Give the data below again exactly as written, without its pictures.

___

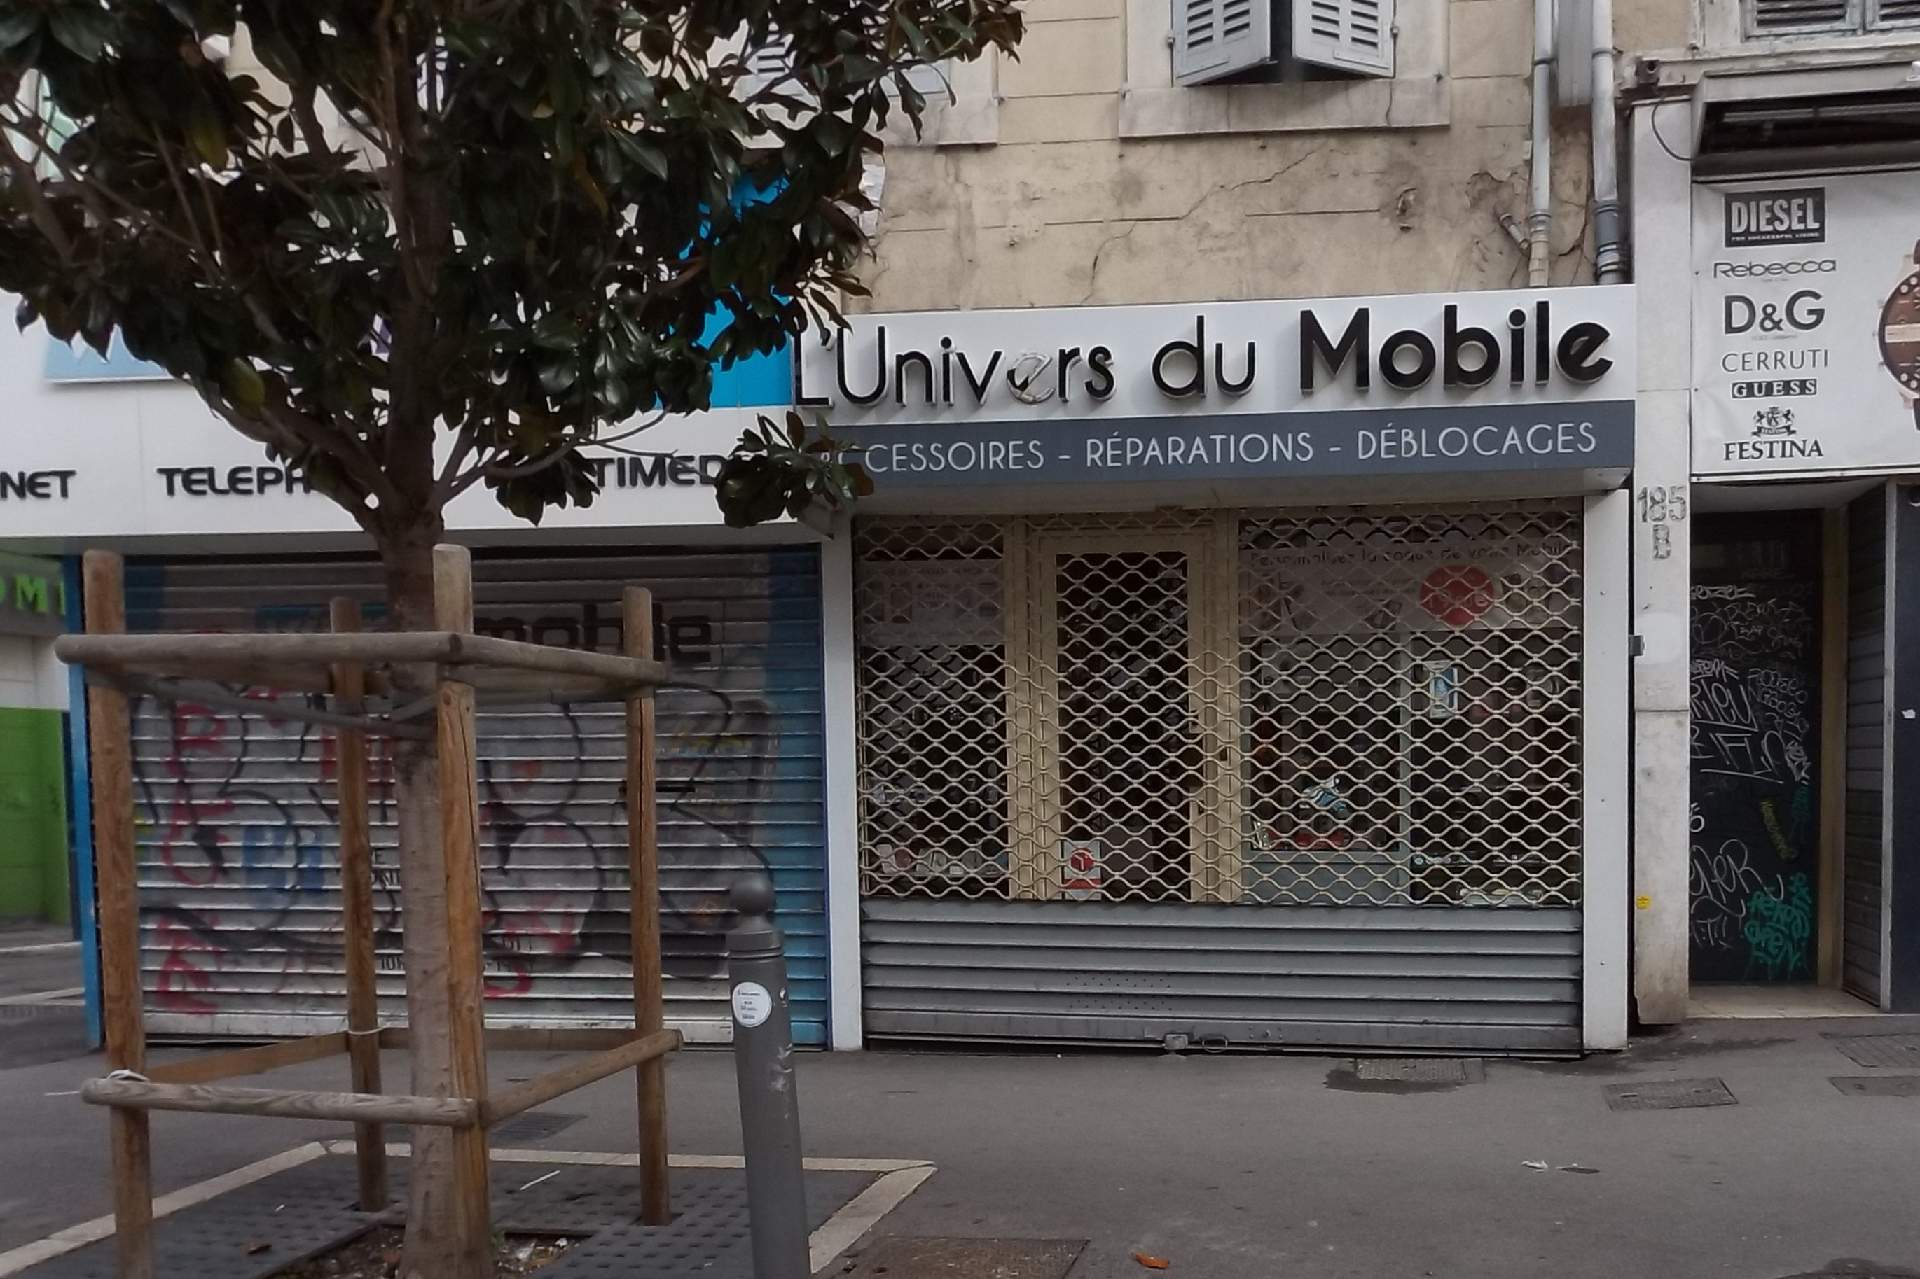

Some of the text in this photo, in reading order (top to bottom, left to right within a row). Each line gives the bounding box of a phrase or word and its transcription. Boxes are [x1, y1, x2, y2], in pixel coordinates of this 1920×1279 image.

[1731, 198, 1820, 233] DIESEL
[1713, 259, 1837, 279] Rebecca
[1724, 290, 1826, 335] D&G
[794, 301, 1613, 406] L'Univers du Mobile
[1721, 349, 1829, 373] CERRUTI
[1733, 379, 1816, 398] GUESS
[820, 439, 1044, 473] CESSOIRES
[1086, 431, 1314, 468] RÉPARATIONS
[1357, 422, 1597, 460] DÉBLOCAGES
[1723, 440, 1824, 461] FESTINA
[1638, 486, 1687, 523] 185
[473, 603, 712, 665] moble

___

> [RESULT OF THIS EXERCISE]:
Some of the text in this photo, in reading order (top to bottom, left to right within a row). Each line gives the bounding box of a phrase or word and its transcription. Boxes are [x1, y1, x2, y2], in pixel coordinates of this 1920×1279 image.

[1731, 198, 1820, 233] DIESEL
[1713, 259, 1837, 279] Rebecca
[1724, 290, 1826, 335] D&G
[794, 301, 1613, 406] L'Univers du Mobile
[1721, 349, 1829, 373] CERRUTI
[1733, 379, 1816, 398] GUESS
[820, 439, 1044, 473] CESSOIRES
[1086, 431, 1314, 468] RÉPARATIONS
[1357, 422, 1597, 460] DÉBLOCAGES
[1723, 440, 1824, 461] FESTINA
[1638, 486, 1687, 523] 185
[473, 603, 712, 665] moble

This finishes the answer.